What I discovered at the event itself was the flood of wonderful memories that came back. It could be the reunion version of "graduation goggles," where the only thing that a person can remember is the good stuff. But for too long, I have forgotten a lot of those positive memories. Instead of an excruciating walkthrough of the details of an evening that either a) you were at or b) you could care less about, I instead will share some of the fond memories I have of my friends. I have taken some pictures that I will include. Now, they are from my iPhone, so they may not be the best. (Not that I am criticizing the iPhone. God forbid that happens.) If my pictures suck, I will shamelessly snag one from someone's Facebook page. And not credit them. [I am withholding last names because I don't want to unintentionally violate anyone's privacy - or what is left of it after Zuckerberg gets done trampling all over it.]
Mitchell and I were in so many classes together, you would think that we had done it intentionally. I guess it was a good thing that we quickly became good friends. From our love of Billy Joel to singing the same part in Chorus, we had a lot in common. The thing I most remember, though, was movies. In previous posts, I have talked about how I was not allowed to watch movies very often. As I got into high school, I was allowed to start seeing more films. Mitchell became one of my best movie buddies. He always had passes to the local Cinema and Drafthouse. But he also introduced me to some very important films - Godfather, Highlander, Die Hard, and Hudson Hawk. "Whaaa???" you may say. How dare I include Hudson Hawk in that otherwise illustrious list? Admit it, we all have guilty movie pleasures. This expensive Bruce Willis flop was ours. For some reason, Mitchell and I loved Hudson Hawk when it came out in the theater. We rented it several times on video. It was stupidly hilarious (much like Arnie's Last Action Hero). Watching movies with Mitchell was one of my favorite activities - some for the movies, some for the time spent hanging out.
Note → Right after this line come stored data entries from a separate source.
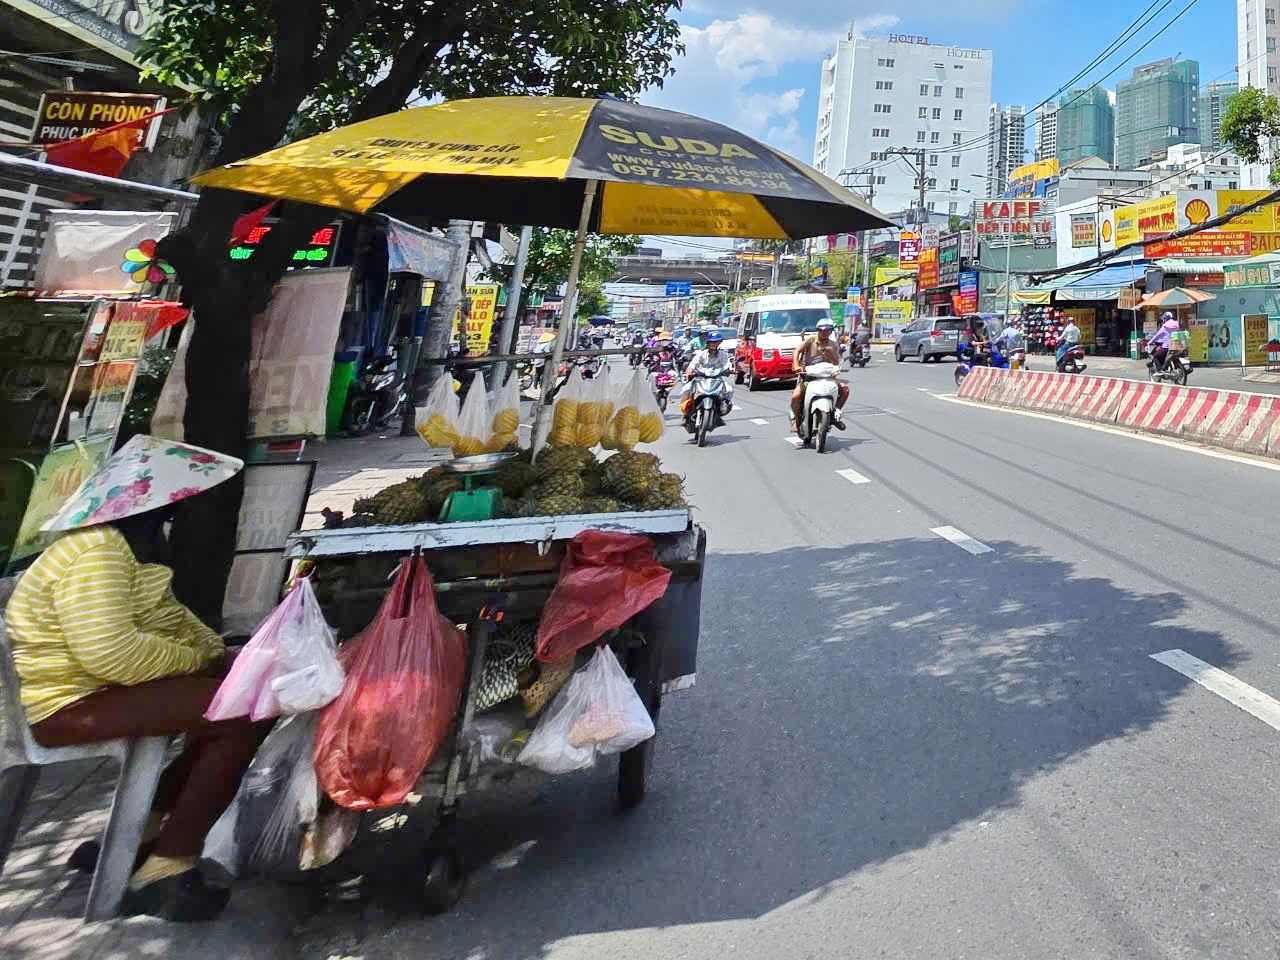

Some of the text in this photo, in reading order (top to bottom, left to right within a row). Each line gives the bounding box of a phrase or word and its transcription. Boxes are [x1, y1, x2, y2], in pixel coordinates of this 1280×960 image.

[888, 33, 931, 46] HOTEL
[947, 48, 983, 60] HOTEL
[438, 140, 481, 153] CUNG
[599, 123, 759, 160] SUDA
[640, 148, 737, 165] COFFEE
[607, 151, 786, 181] www.sudacoffee.vn
[983, 201, 1040, 219] KAFF
[475, 296, 492, 309] DÉP
Tiffany was one of my very best friends in high school. We hung out a lot, talked a lot on the phone. She went with me when I got my ear pierced. But, her friendship took a severe hit that day when she didn't try to talk me out of getting my ear pierced. (Haha) Tiffany is/was very smart, kind, and funny. She also was very ballsy. Our school was not a very large high school. For example, we only had four AP classes offered at all. Our sports offerings were pretty pathetic. And the ones for girls were even worse. (Remember Title IX wasn't really enacted in regards to sports until after we graduated from high school.) So Tiffany tried out for the boys' soccer team. And she made it. And she played. I always was very impressed at the guts required to do that. Tiffany really meant a lot to me through high school and I appreciated her friendship throughout.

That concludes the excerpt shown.